Denis Griffiths has created golf courses all over the world, including, in Georgia, various courses at Chateau Elan Golf Club and Resort near Atlanta, Hard Labor Creek State Park, in Rutledge, Brasstown Valley in Young Harris, and the Georgia Club in Statham. He also created St. Andrews Bay, in Scotland; and President’s Reserve at the Hermitage, in Nashville. Griffiths holds a B.S. in landscape architecture from Iowa State University and is a past president of the American Society of Golf Course Architects.

I was working with Ron Kirby and Rodney Wright when we received a phone call from our project manager in Southeast Asia. He had been finishing up a new course on a small island republic there.

“You guys have to get out here immediately,” he said. “I’ve got word that the wife of President Ferdinand Marcos, Imelda Marcos, wants to build a new golf course for her husband’s sixtieth birthday. Since we’re already working here, she’s inquired about us.”

Within the week we were in Asia and flown to the site with the First Lady in her private, King Air aircraft. As we toured the site and discussed the project, the First Lady made it very clear she would only commission the project if it could be finished and playable in time for the President’s birthday in early September…in three months. Three months! It was an impossible, unprecedented request.

It was at that moment reality set in, but we were eternal optimists and had never disappointed a client, so we told the First Lady it was possible and agreed to the deadline. But, we told her, there would be certain things we would need: good base information, aerial photography, and topographical maps.

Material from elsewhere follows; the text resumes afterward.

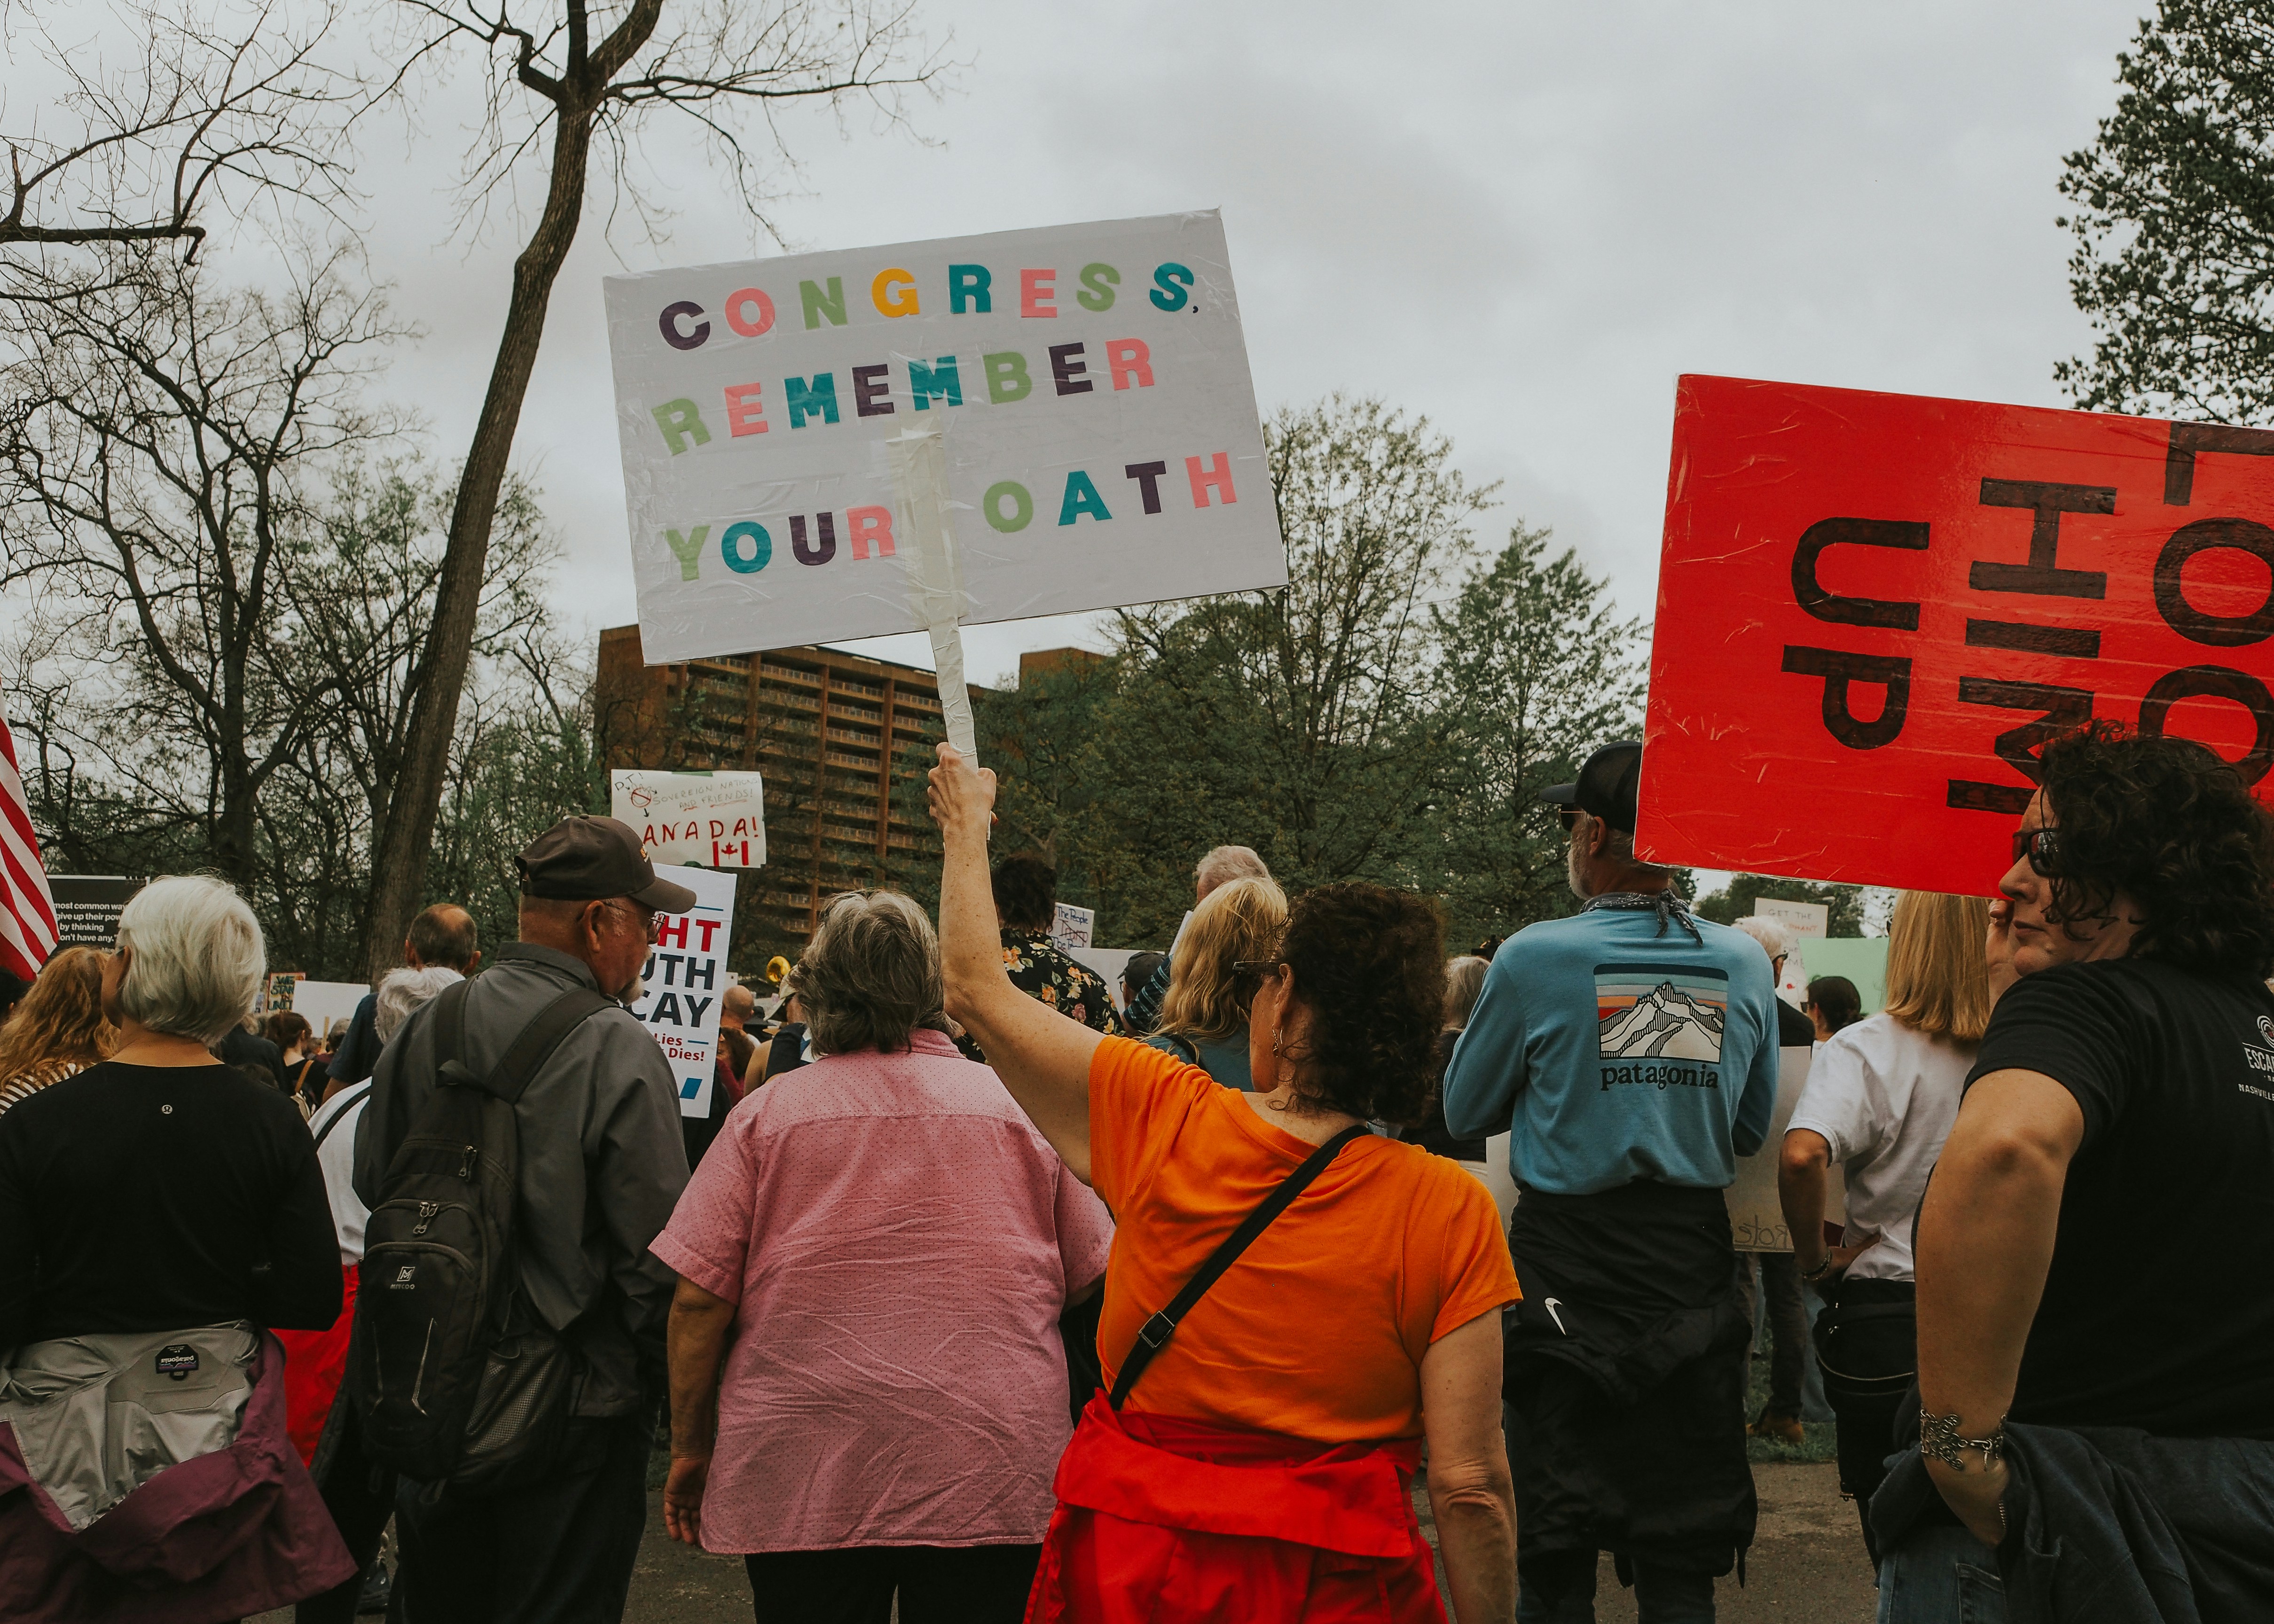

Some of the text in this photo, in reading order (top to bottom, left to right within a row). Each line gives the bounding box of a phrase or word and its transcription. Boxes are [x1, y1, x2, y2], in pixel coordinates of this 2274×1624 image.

In about thirty minutes a black Ford car with flashing red lights rolled up and a General from the island’s Air Force met us to discuss our needs.

We talked about flying over the property to obtain an aerial photograph, which the General indicated would be no problem. He meant it, because in a few more minutes a Huey helicopter landed and was made available to take us over the site.

The pilots took us wherever we wanted, but it was hard to keep focused as the military pilots skimmed along the ground or went vertical in the doorless beast. When we were done with the helicopter and returned to the hut for lunch, we spotted a C-47 flying back and forth at 2,000 feet gridding the property!

The next morning we were awakened at 6:30 by two Air Force sergeants. They delivered a box of nearly fifty-meter-square aerial photos of the site from the C-47 flight the day before. The photos were still wet with unbelievable clarity! We took them to the hotel swimming pool deck and spread them in the sun to dry.

Over the next seventy-five days, we worked from a makeshift office in a hotel in the capital city, flying almost daily to the site on whatever military aircraft was available. We were headquartered in the capitol city to maintain close communications with the president. Each afternoon, a call would come and a limousine would pick us up at a designated time to take us to the palace. The meeting with the president would usually take place on a royal three-hole golf course with a bandstand as the centerpiece or on the sports courts, though sometimes the President would meet with us on his yacht!

This was the drill for some two-and-a-half months while the government equipment toiled on the site to complete his birthday present.

We did get nine green, somewhat playable holes ready in time for his birthday party through the miracles of rye grass in the tropics. Over the next nine months we completed the loose ends on the front nine while building the back nine. Mission completed!